Stored records
_ _ _ _
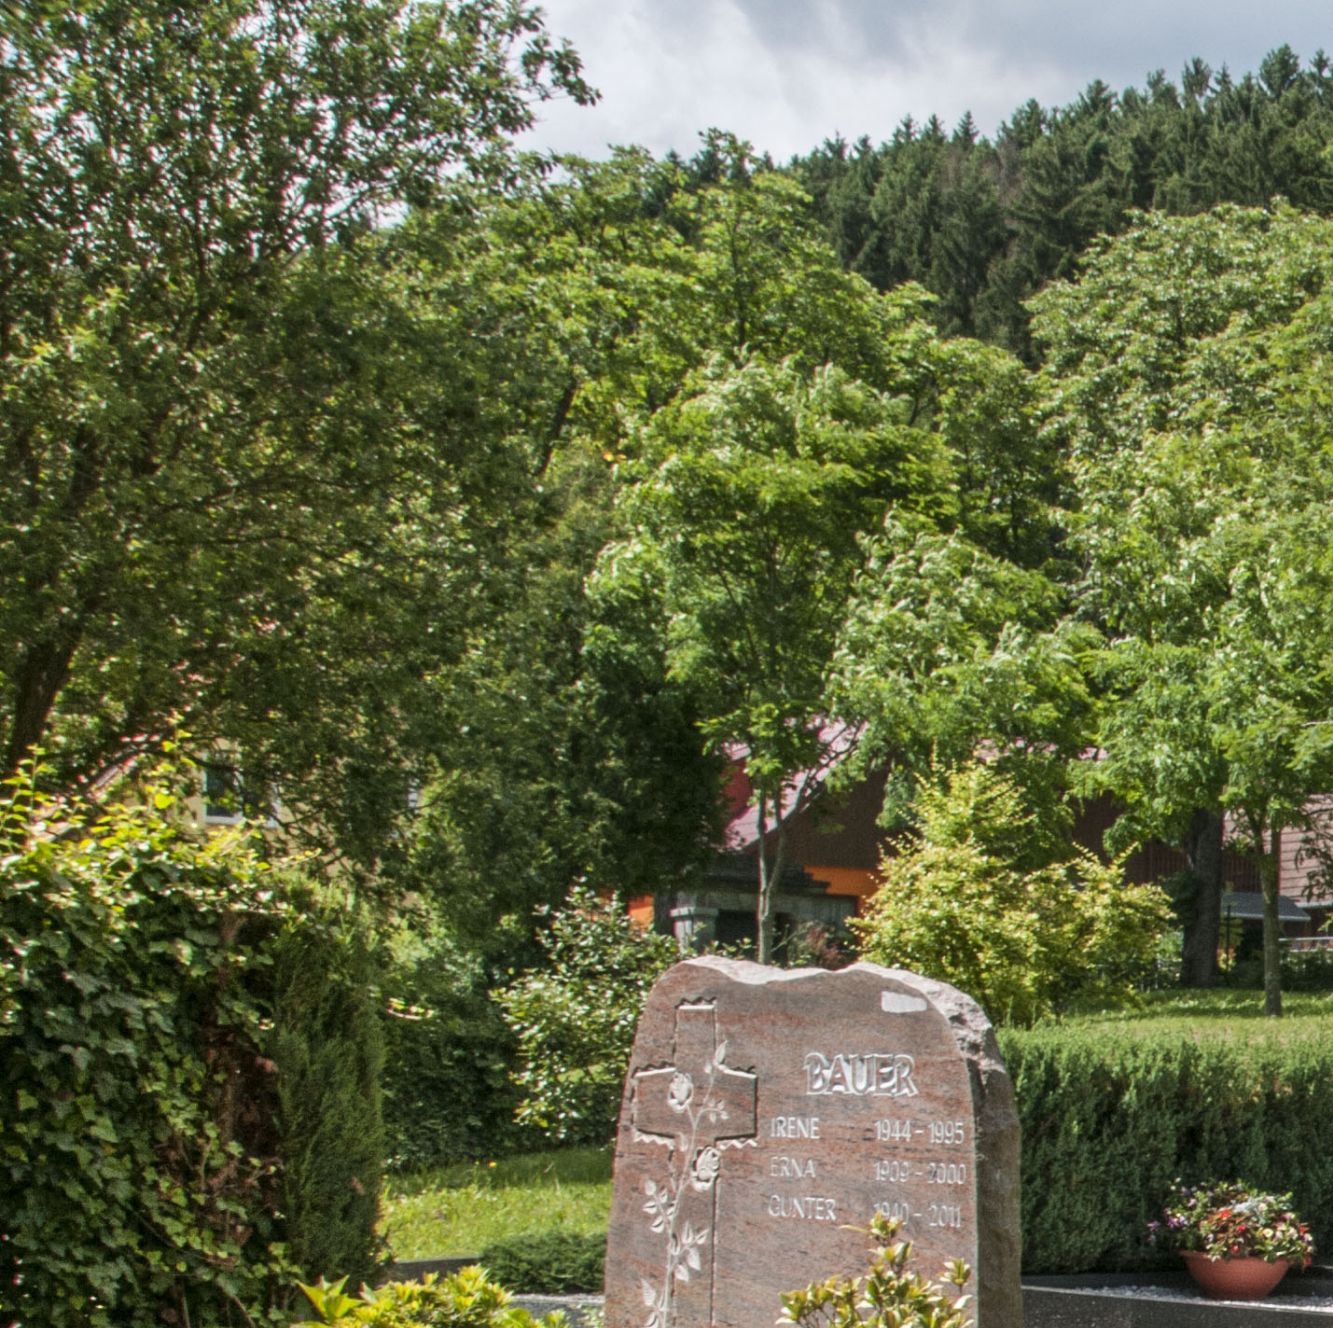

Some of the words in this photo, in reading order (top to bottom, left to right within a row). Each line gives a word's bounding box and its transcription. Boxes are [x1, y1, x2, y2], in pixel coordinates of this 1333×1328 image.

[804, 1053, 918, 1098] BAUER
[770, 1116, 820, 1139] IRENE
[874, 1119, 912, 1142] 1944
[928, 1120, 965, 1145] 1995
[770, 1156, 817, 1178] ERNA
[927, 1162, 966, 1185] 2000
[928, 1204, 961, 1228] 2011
_ _ _ _
■ **Directions**: Would you transcribe all of the data exactly, apart from its pictures?

■ **Answer space**:
Some of the words in this photo, in reading order (top to bottom, left to right within a row). Each line gives a word's bounding box and its transcription. Boxes are [x1, y1, x2, y2], in pixel coordinates of this 1333×1328 image.

[804, 1053, 918, 1098] BAUER
[770, 1116, 820, 1139] IRENE
[874, 1119, 912, 1142] 1944
[928, 1120, 965, 1145] 1995
[770, 1156, 817, 1178] ERNA
[927, 1162, 966, 1185] 2000
[928, 1204, 961, 1228] 2011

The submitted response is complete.